Term of Award

Fall 2007

Degree Name

Master of Science in Biology (M.S.)

Document Type and Release Option

Thesis (open access)

Department

Department of Biology

Committee Chair

C. Ray Chandler

Committee Member 1

J. Michelle Cawthorn

Committee Member 2

Lissa M. Leege

Abstract

The purpose of this research was to examine how small mammals select habitats in a fragmented agricultural landscape in southeast Georgia. I captured small mammals at 71 trap sites within 33 locations in Bulloch and Candler Counties, Georgia. Prior to trapping, each site was classified based on predominant habitat type. Within each trap site, habitat variables were quantified for capture and non-capture trap stations. Using GPS and ArcMap GIS, I quantified surrounding land cover associated with each trap site.

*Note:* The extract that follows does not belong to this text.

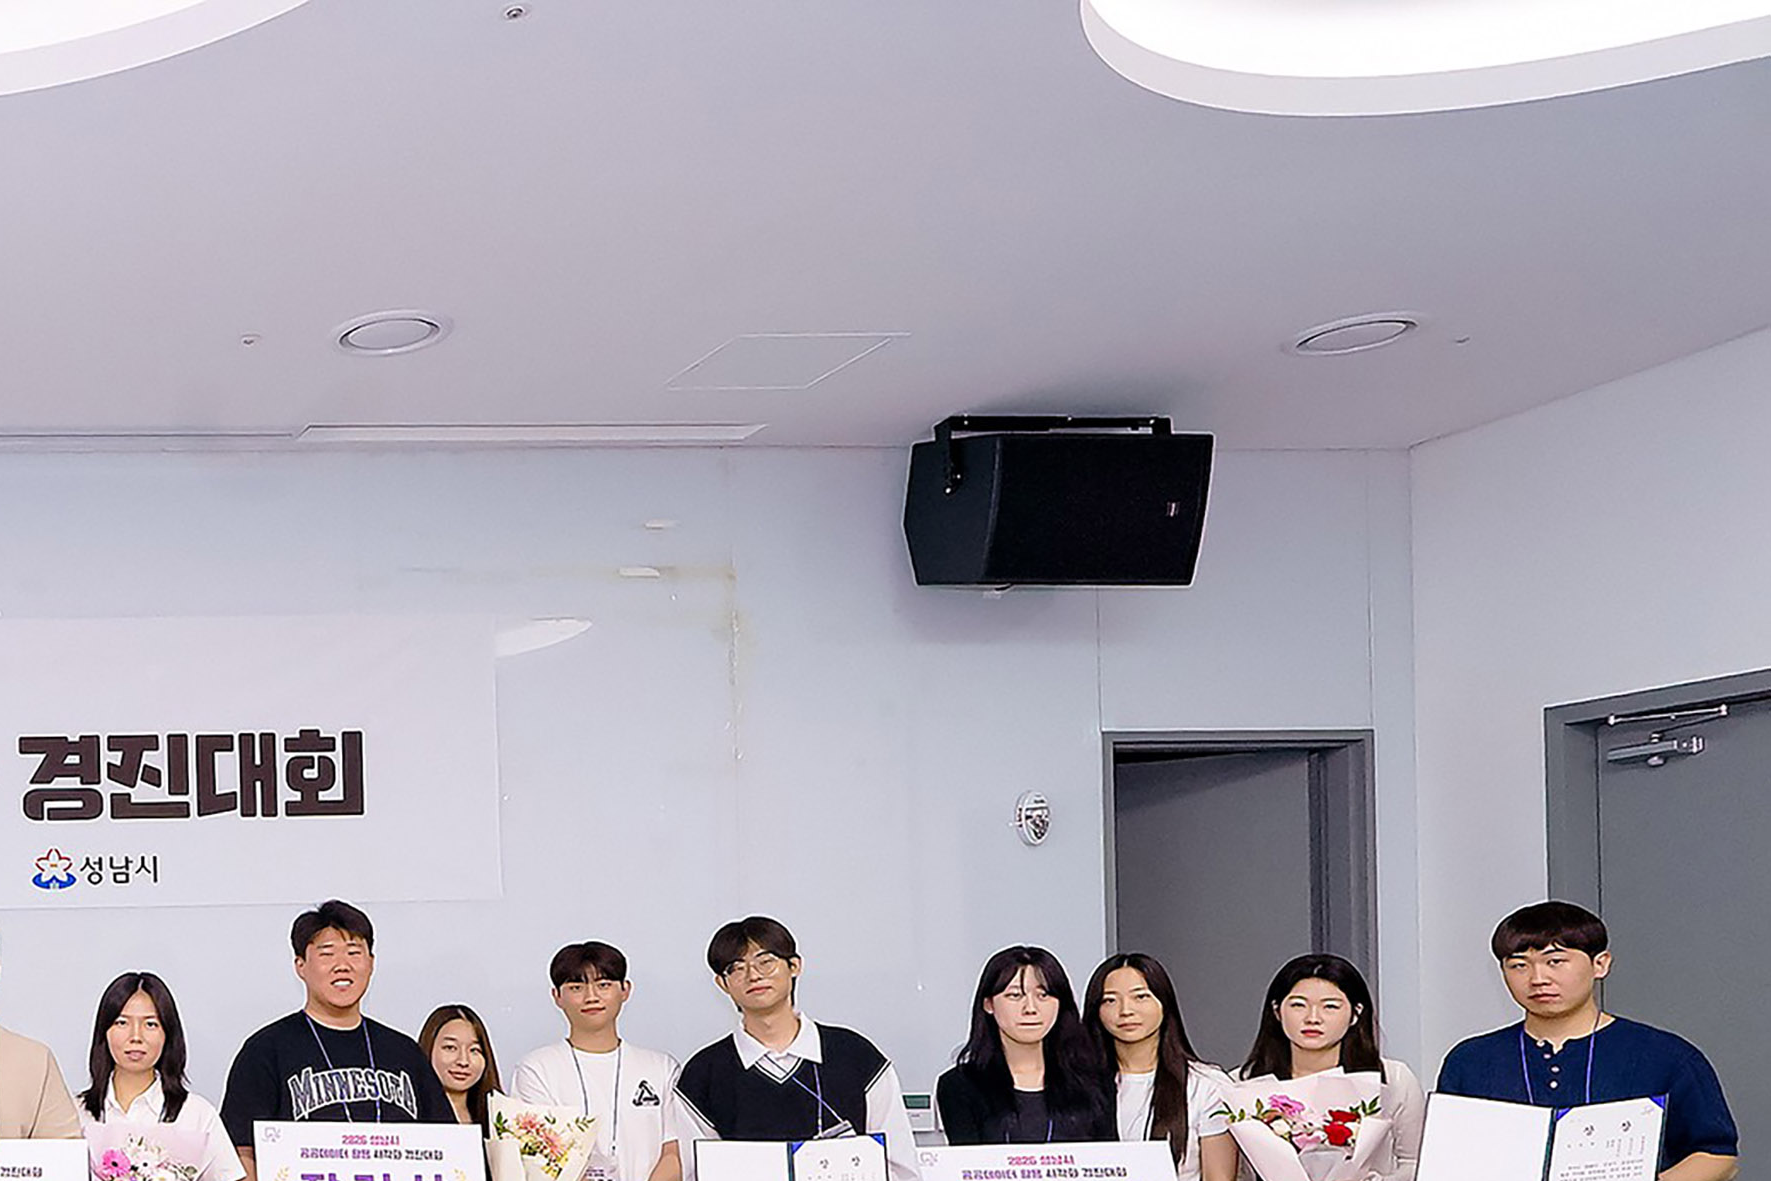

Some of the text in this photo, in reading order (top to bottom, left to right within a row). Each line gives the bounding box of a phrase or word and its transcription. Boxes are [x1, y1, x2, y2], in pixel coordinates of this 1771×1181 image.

[19, 729, 364, 822] 경진대회
[80, 856, 159, 885] 성남시
[287, 1066, 418, 1121] MINNESOTA

A total of 398 individuals of 10 different species of small mammals were captured. Peromyscus gossypinus and Sigmodon hispidus were captured most often, while shrew species and (Reithrodontomys humulis) were captured rarely. Relative species abundance per trapping effort was highest for old field and longleaf pine-wiregrass habitats. Pine plantation and upland hardwood habitats yielded the lowest relative abundance per trapping effort. Species showed significant differences in patterns of habitat selection. A principal components analysis (PCA) revealed two largely non-overlapping species groups defined by PC 1: those associated with more open-canopy habitats and those associated with closed-canopy, mature forest habitats. Neotoma floridana, Ochrotomys nuttalli, and Sorex longirostris exhibited the most specialized (least variable) habitat selection. Land cover associated with capture stations for each species was similar to land cover available in the region. Overall, my results suggest that three species of forest-dwelling mammals (N. floridana, O. nuttalli, and S. longirostris) are most susceptible to the habitat changes associated with an agricultural landscape.